BP : “Le premier point important selon moi est de définir le modèle d’affaires avec clarté. S’agit-il d’un projet rentable qui permet de garantir un retour sur investissement ? Ou bien le projet doit-il être financé par commandites, justifiés par ses qualités intrinsèques, l’image qu’il véhicule et les valeurs qu’il porte. Cherchez-vous du capital de risque ou des sponsors ? Lorsque vous aurez répondu à cette question, vous aurez un cap établi. Avec Solar Impulse, il était évident que nous n’allions pas chercher des investisseurs, car il n’a jamais été question pour nous de vendre des avions solaires. La voie naturelle était celle du commandite et des partenariats. J’ai levé 170 millions de dollars en quelques mois.     

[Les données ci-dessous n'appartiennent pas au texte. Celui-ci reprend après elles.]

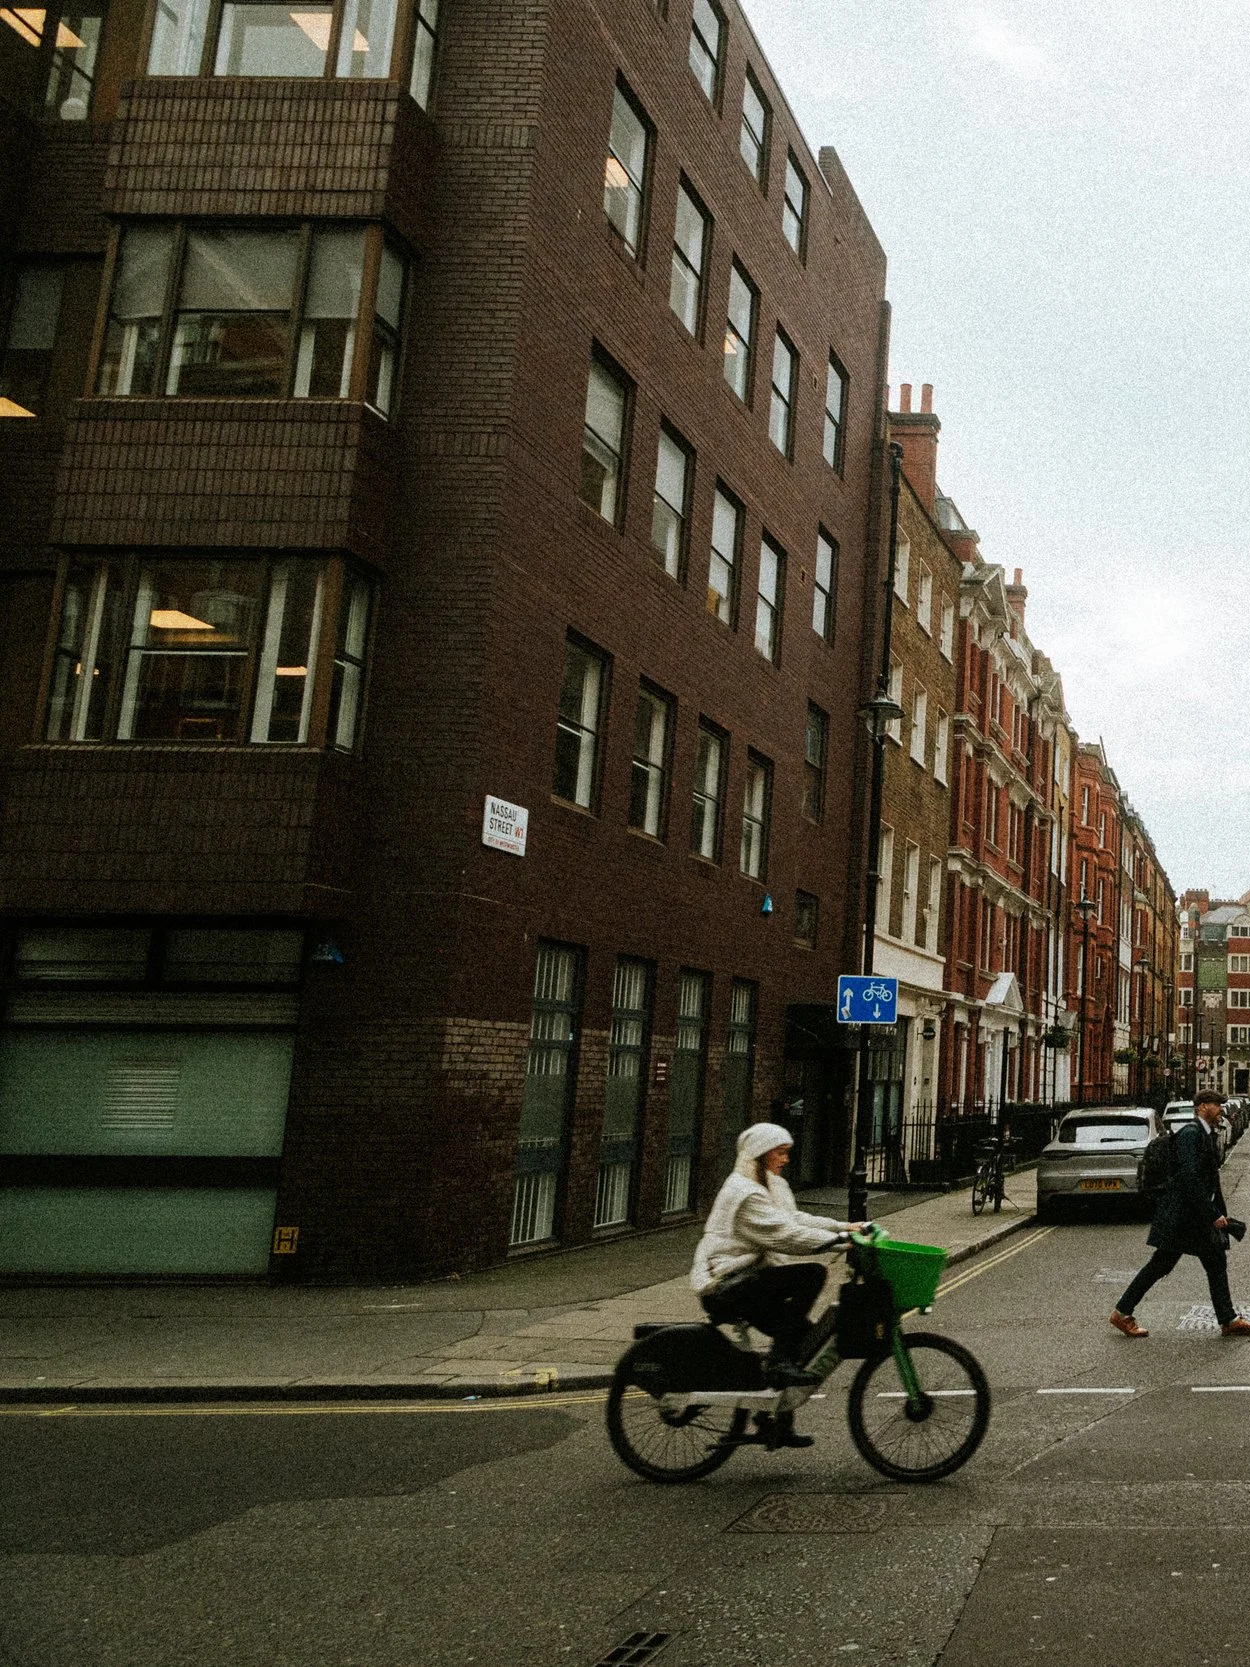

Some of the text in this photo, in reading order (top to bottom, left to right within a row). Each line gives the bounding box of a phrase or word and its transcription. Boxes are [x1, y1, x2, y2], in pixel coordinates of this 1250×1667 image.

Otra Nation me rappelle ce projet ambitieux de métro suisse : l’idée était celle d’un tunnel entre Genève et Lausanne, et d’un train se déplaçant sous vide à grande vitesse, permettant de parcourir soixante kilomètres en quelques minutes. À mon sens, l’erreur stratégique fut de vouloir construire le métro en Suisse francophone. Si la Suisse francophone est innovante et créative, elle n’est pas riche en capital. Les capitaux sont en Suisse allemande. Si les promoteurs avaient fait le choix d’une ligne de métro entre Zurich et Bâle, ou bien entre Zurich et Berne, le projet aurait sans doute vu le jour.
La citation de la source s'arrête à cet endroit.